Suppose two successive coordinate rotations through angles ##\Phi_1## and ##\Phi_2## are carried out, equivalent to a single rotation through an angle ##\Phi##. Show that ##\Phi_1##, ##\Phi_2## and ##\Phi## can be considered as the sides of a spherical triangle with the angle opposite to ##\Phi## given by the angle between the two axes of rotation.

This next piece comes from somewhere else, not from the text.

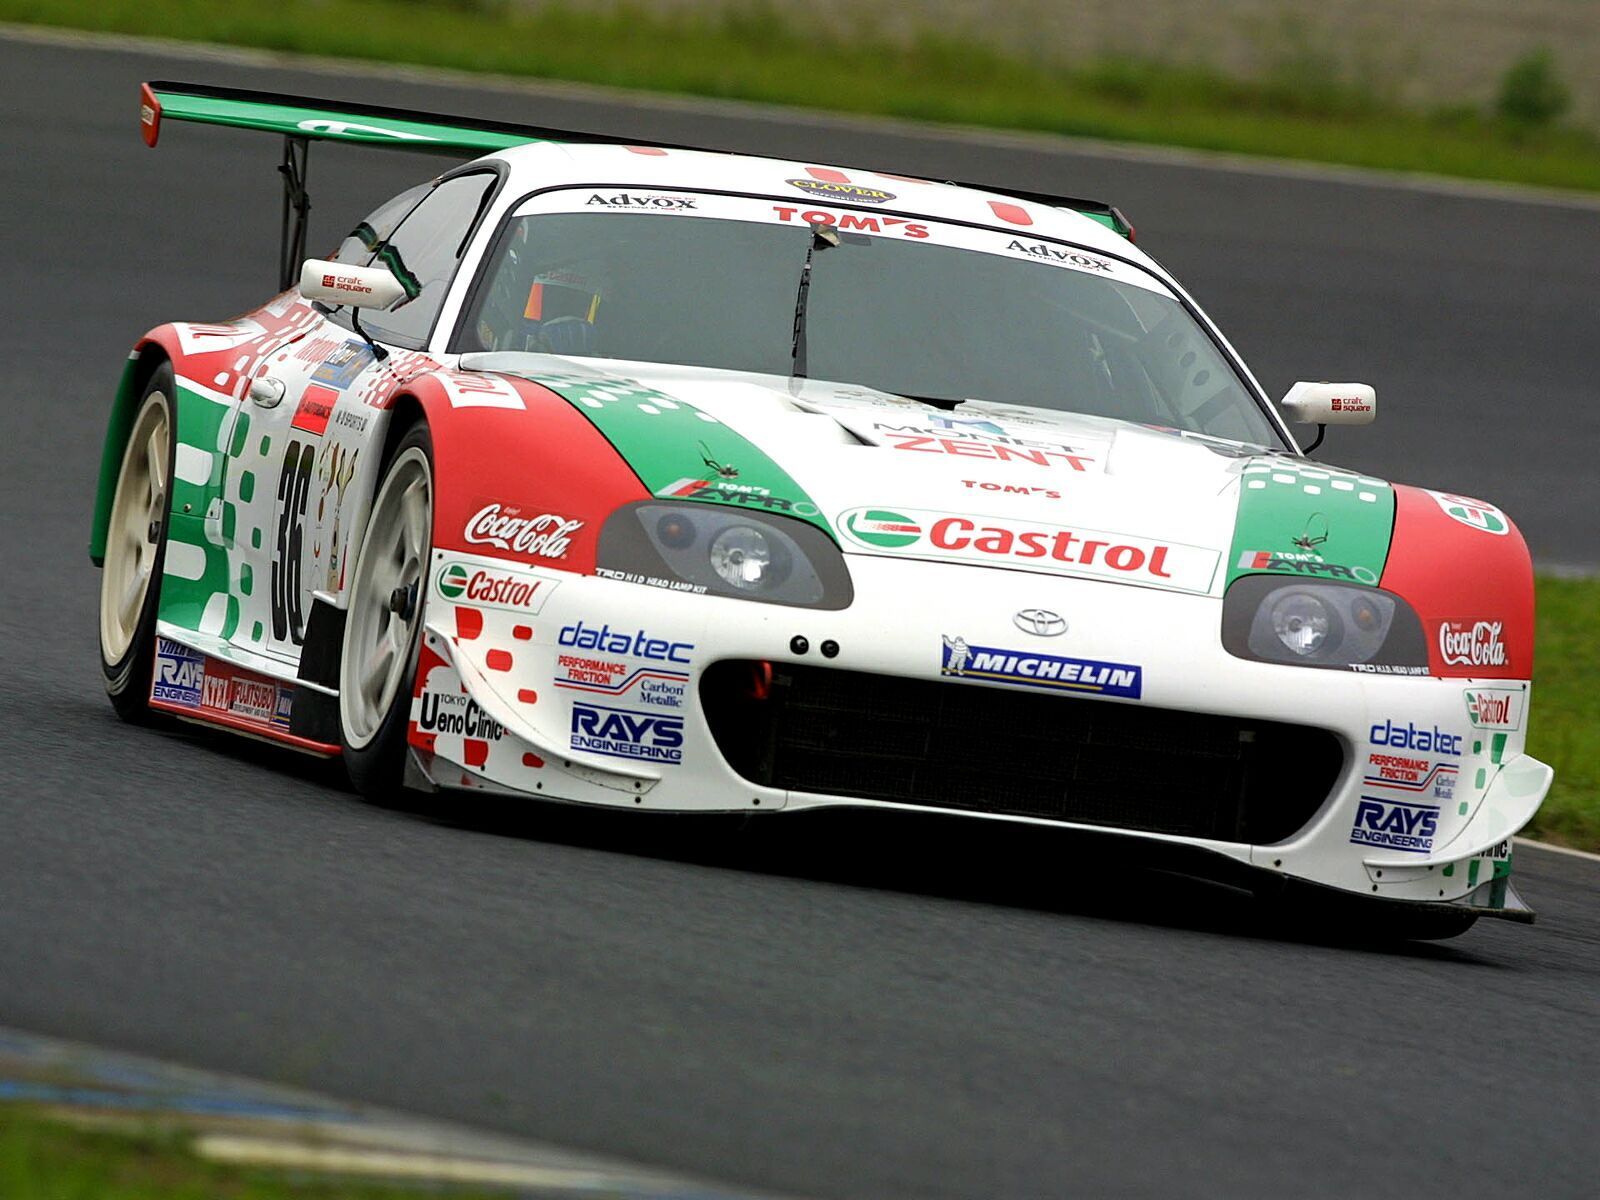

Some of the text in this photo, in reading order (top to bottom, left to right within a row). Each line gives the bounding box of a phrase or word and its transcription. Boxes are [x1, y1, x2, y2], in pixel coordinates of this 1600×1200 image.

(Source: Classical Mechanics, 3rd edition, Goldstein, Problem 13, Chapter 4)

Homework Equations


If ##A## is a rotation matrix,
$$Tr~A=1+ 2\cos{\theta}$$
,where ##\theta## is the rotation angle.

The Attempt at a Solution


Let ##R_1## and ##A_1## be the rotation axis (unit vector) and the rotation matrix respectively for the ##\Phi_1## rotation. So we get,
$$A_1R_1=R_1$$
and $$Tr~ A_1 = 1+2 \cos{\Phi_1}$$
In the same way, for ##\Phi_2##,
$$A_2R_2=R_2$$
and $$Tr~ A_2 = 1+2 \cos{\Phi_2}$$
The rotation matrix corresponding to ##\Phi## rotation will be ##A_2A_1##. So we get
$$Tr ~A_2A_1 = 1+2 \cos{\Phi}$$
If the angle between ##R_1## and ##R_2## is ##\psi##, then
$$\cos{\psi}=R_1^TR_2$$
Now I need to show that ##\psi## is the angle opposite to ##\Phi## in the spherical triangle with ##\Phi_1##, ##\Phi_2## and ##\Phi## considered as the sides.
I am not sure if the problem can be solved in this approach.
Any help or suggestion will be appreciated.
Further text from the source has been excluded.